A number of estates in Scotland already run wildlife “safaris” in the spring/summer and shooting in the autumn with great success (here, here, here). Such trips could also be used to help educate people about the moorland landscape and show the managers of these estates for what they truly are – custodians of the countryside. I’ve said it before, but I envision a future where hen harriers are seen as a badge of honour, a symbol of the best and most sustainable grouse moors.
Finally, the last point to make is that like it or lump it, hen harriers are legally protected. To intentionally or recklessly harm or disturb these birds for any reason is against the law. Whether or not you agree with that law is irrelevant. You can complain about the top speed limit being set at 70mph but that is not going to change it. The law is there because these birds are an integral part of our natural heritage and deserving of protection. However, the potential shown by estates like Glen Tanar demonstrates that it doesn’t have to be a case of “putting up with” hen harriers just because the law says so, that hen harriers and driven grouse shooting don’t have to simply “coexist” – they could thrive together in mutual benefit.
Running with the theme of positivity for 2013, if one were to try and find some sliver of good in the tragedy of Bowland Betty, it's that the circumstances of her untimely demise have finally brought the hen harrier issue to national attention. In the last week alone, there has been a strong article in The Observer and a BBC Radio4 piece featuring Martin Harper and Adrian Blackmore from the Countryside Alliance on Monday's Today programme. There are also feature articles on hen harriers in the January editions of both Lancashire Life magazine (they even made the cover) and the Shooting Gazette. Regional and local news stories about hen harriers are one thing but to get national media coverage like this is rare enough.
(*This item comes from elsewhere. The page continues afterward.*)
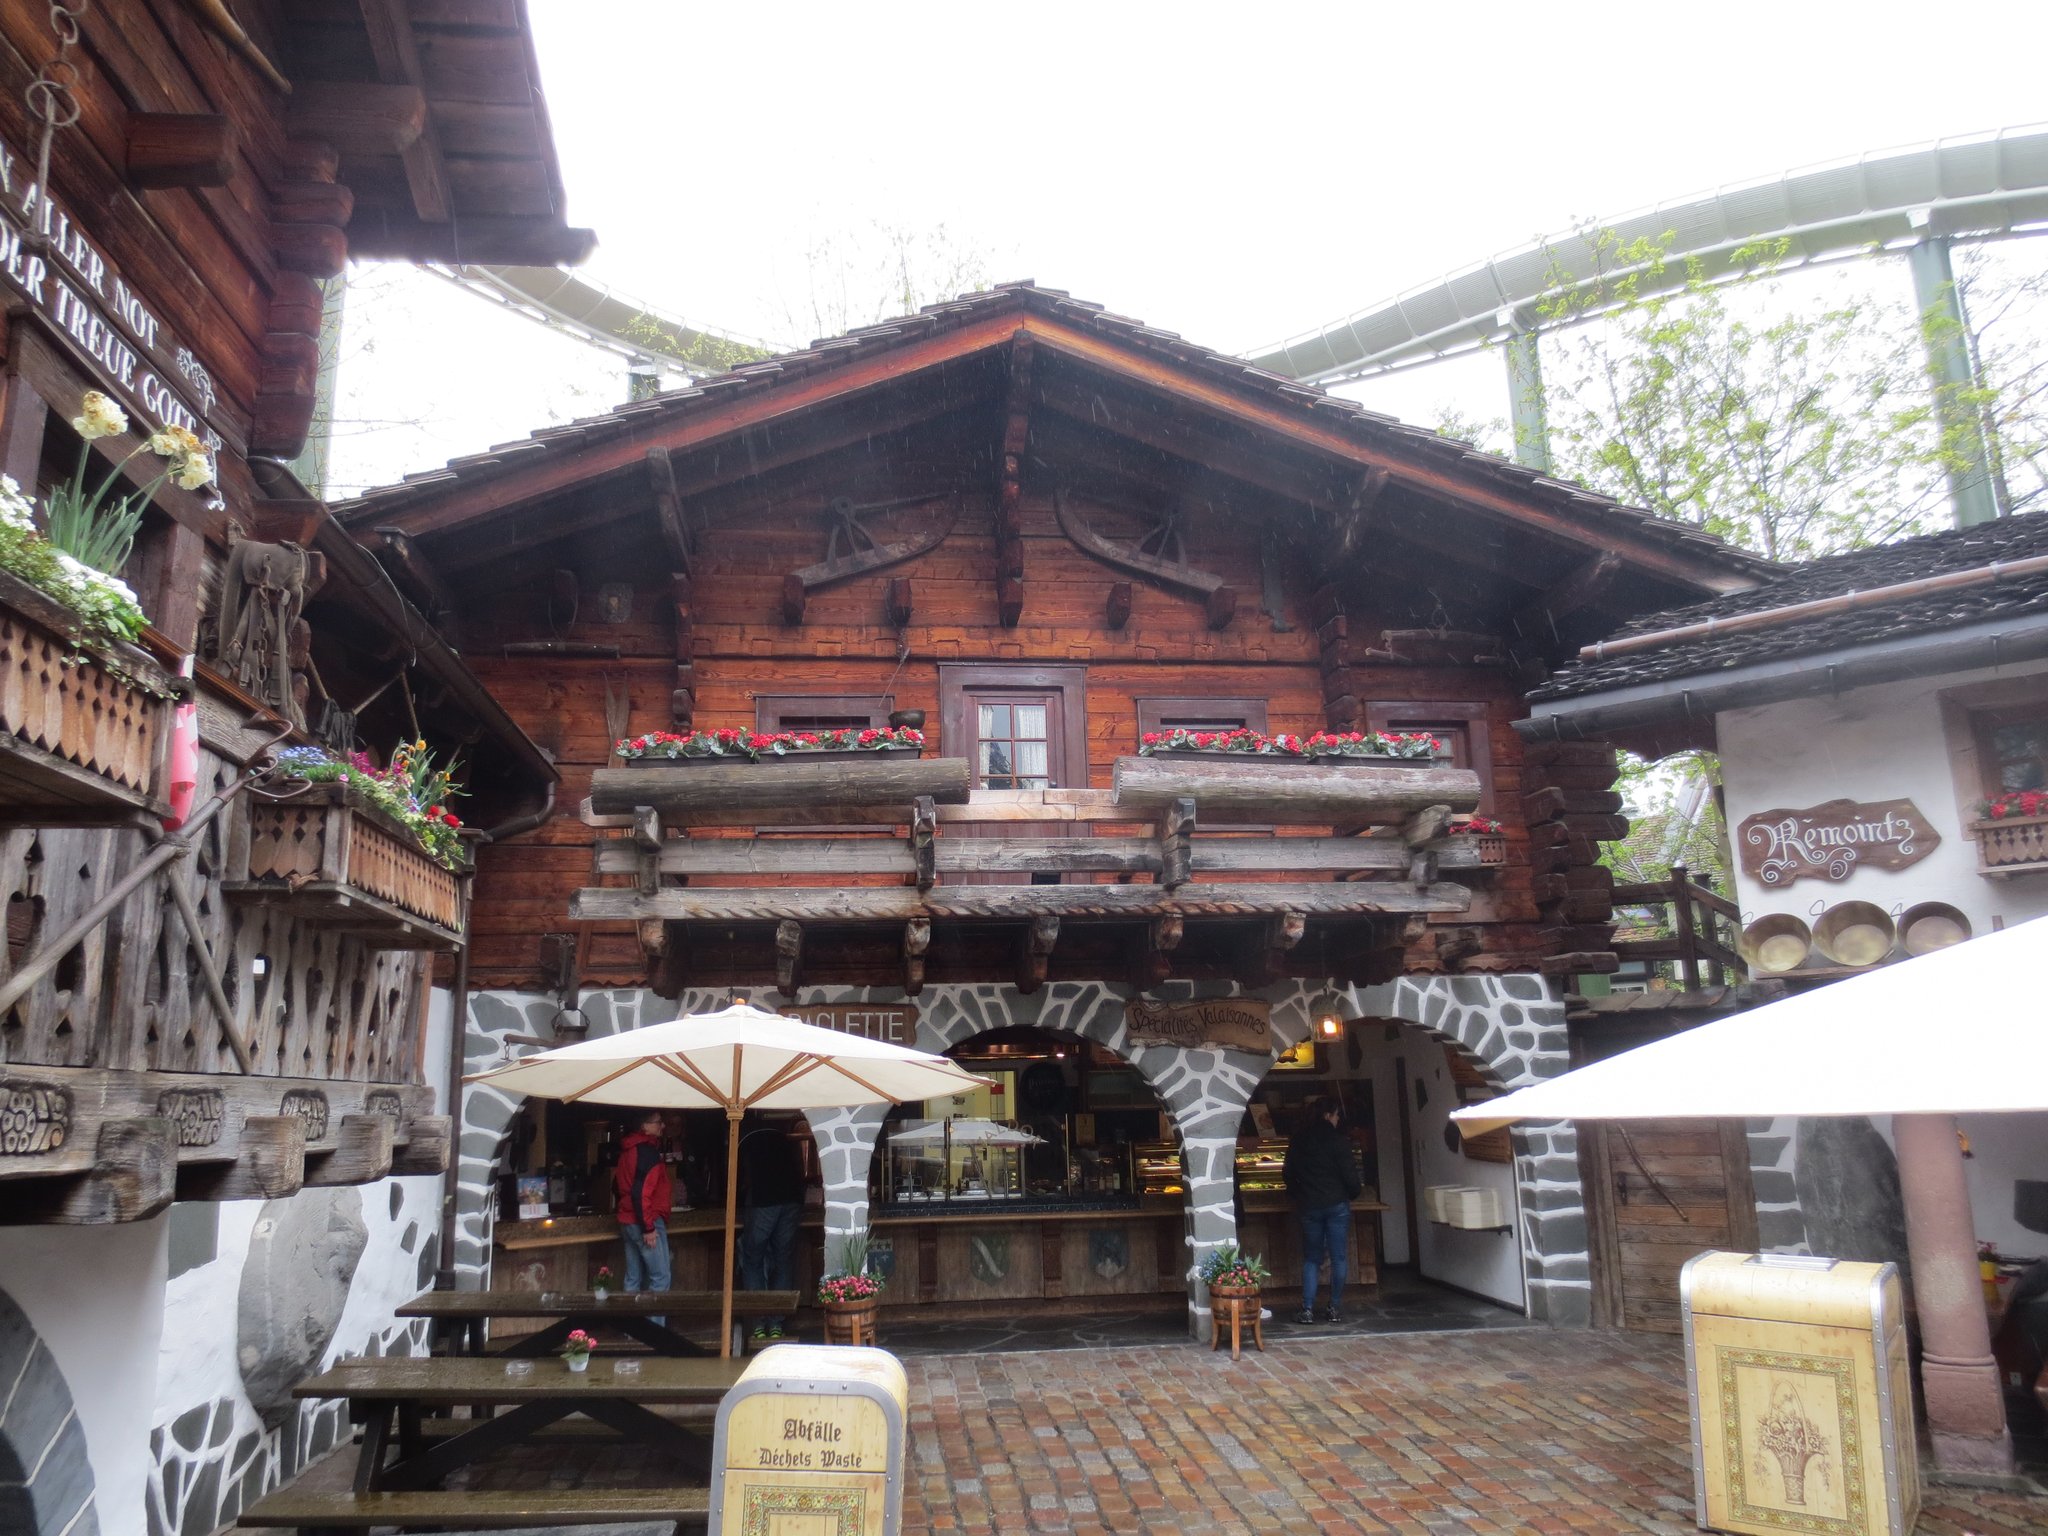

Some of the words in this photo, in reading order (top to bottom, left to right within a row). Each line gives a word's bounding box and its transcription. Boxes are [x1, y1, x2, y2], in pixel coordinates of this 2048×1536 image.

We now have an opportunity here, you and I, to focus this attention and not let it slip away. We need to build on it and in doing so, connect the wider public with these beautiful birds and the moorland landscape in which they live. Tell the hen harrier story to your neighbour over the garden fence, or your friend next time you go for coffee. Point people to this blog, tell your friends on Facebook, or followers on Twitter. Write to your local paper and let them know that this is important to you, to us all.
Remember buzzardgate? Public outrage can be a powerful thing, and we should be outraged. That people (however many or few) are intentionally and illegally killing hen harriers or discouraging them from nesting is outrageous. However in the midst of this I ask you to please remember that not all people who shoot hate hen harriers, and not all people who want to see hen harriers protected are against grouse shooting. The two interests are not mutually exclusive. We don't need scaremongering or demonizing - these things are not helpful and indeed, they only set people against eachother and deepen the problem. This is an opportunity to get away from all that and to help people to really understand the issues. We all want a world richer in wildlife.
We need to encourage everyone, whatever their background, to speak out in the name of hen harriers and send a clear message that these are our birds. They belong in our shared landscape. And illegal persecution will not be tolerated.
This is our chance, and your voice matters.